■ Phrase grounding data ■
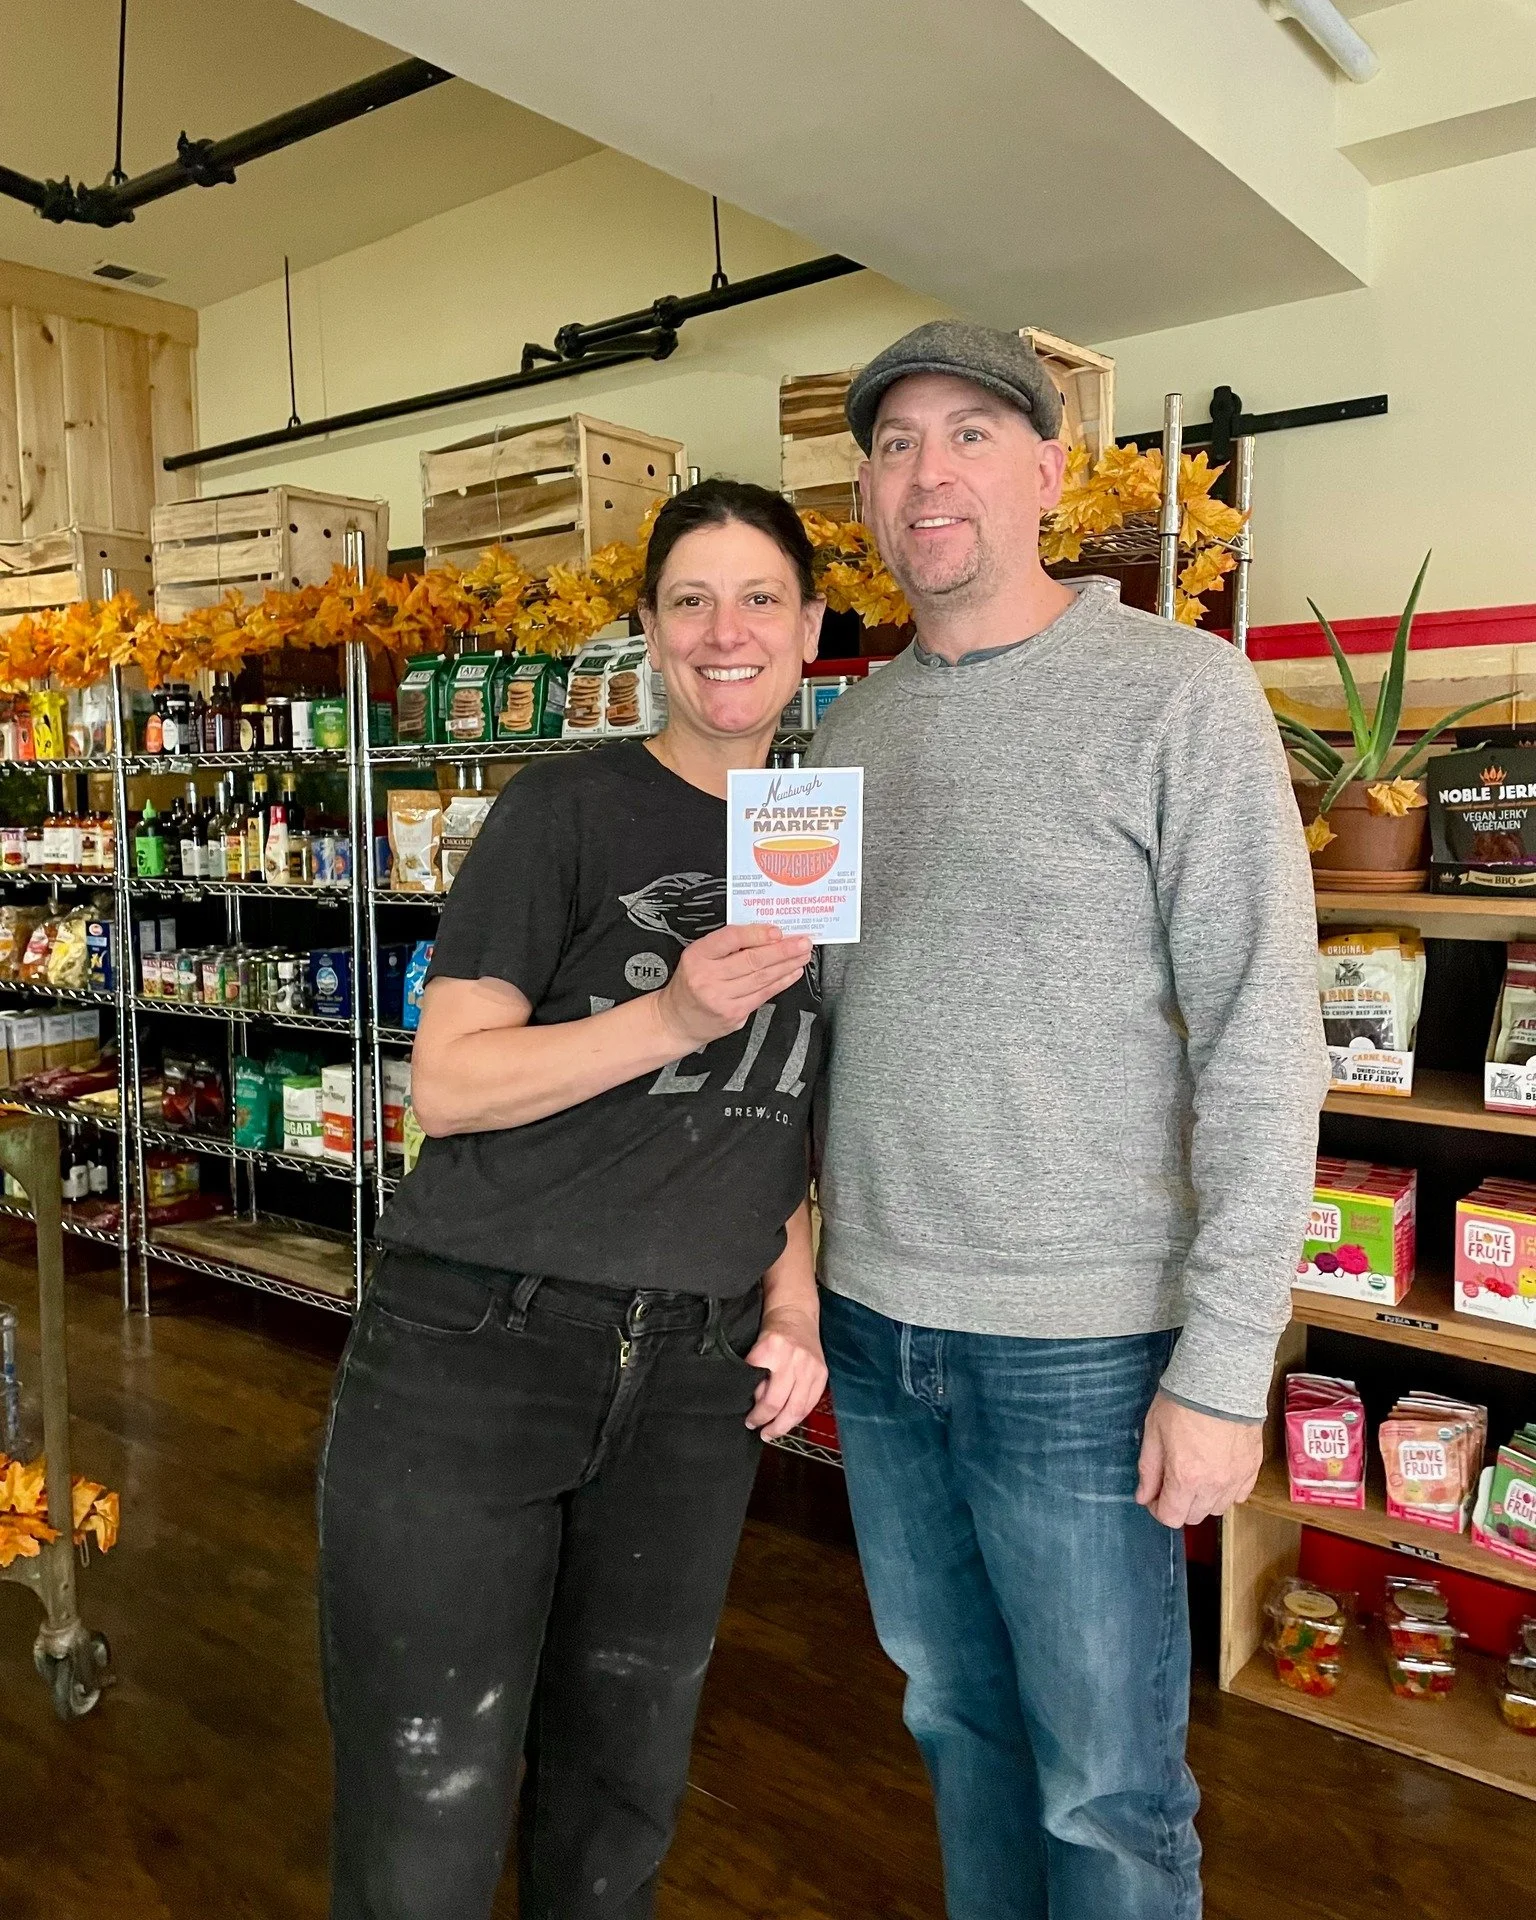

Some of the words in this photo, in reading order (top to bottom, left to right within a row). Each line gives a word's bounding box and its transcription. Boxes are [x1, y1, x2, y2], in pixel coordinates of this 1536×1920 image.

[762, 774, 823, 808] Newburgh
[1438, 787, 1491, 804] NOBLE
[745, 805, 847, 819] FARMERS
[1463, 810, 1496, 822] VEGAN
[1498, 808, 1528, 820] JERKY
[753, 819, 844, 832] MARKET
[760, 850, 834, 878] SOUP4GREENS
[1494, 876, 1517, 886] BBQ
[743, 898, 774, 907] SUPPORT
[775, 897, 790, 905] OUR
[791, 895, 847, 905] GREENS4GREENS
[756, 908, 774, 916] FOOD
[775, 907, 801, 915] ACCESS
[802, 905, 835, 914] PROGRAM
[1327, 945, 1366, 955] ORIGINAL
[632, 966, 661, 978] THE
[1352, 1073, 1374, 1081] BEEF
[1375, 1075, 1404, 1084] JERKY
[1304, 1221, 1338, 1239] RUIT
[1476, 1230, 1512, 1249] LOVE
[1468, 1242, 1511, 1262] FRUIT
[1313, 1429, 1345, 1441] LOVE
[1309, 1440, 1346, 1454] FRUIT
[1409, 1449, 1443, 1462] LOVE
[1405, 1462, 1443, 1475] FRUIT

■ What is required ■
An exact restatement of every record is required. Omit the images.

■ Written answer ■
Some of the words in this photo, in reading order (top to bottom, left to right within a row). Each line gives a word's bounding box and its transcription. Boxes are [x1, y1, x2, y2], in pixel coordinates of this 1536×1920 image.

[762, 774, 823, 808] Newburgh
[1438, 787, 1491, 804] NOBLE
[745, 805, 847, 819] FARMERS
[1463, 810, 1496, 822] VEGAN
[1498, 808, 1528, 820] JERKY
[753, 819, 844, 832] MARKET
[760, 850, 834, 878] SOUP4GREENS
[1494, 876, 1517, 886] BBQ
[743, 898, 774, 907] SUPPORT
[775, 897, 790, 905] OUR
[791, 895, 847, 905] GREENS4GREENS
[756, 908, 774, 916] FOOD
[775, 907, 801, 915] ACCESS
[802, 905, 835, 914] PROGRAM
[1327, 945, 1366, 955] ORIGINAL
[632, 966, 661, 978] THE
[1352, 1073, 1374, 1081] BEEF
[1375, 1075, 1404, 1084] JERKY
[1304, 1221, 1338, 1239] RUIT
[1476, 1230, 1512, 1249] LOVE
[1468, 1242, 1511, 1262] FRUIT
[1313, 1429, 1345, 1441] LOVE
[1309, 1440, 1346, 1454] FRUIT
[1409, 1449, 1443, 1462] LOVE
[1405, 1462, 1443, 1475] FRUIT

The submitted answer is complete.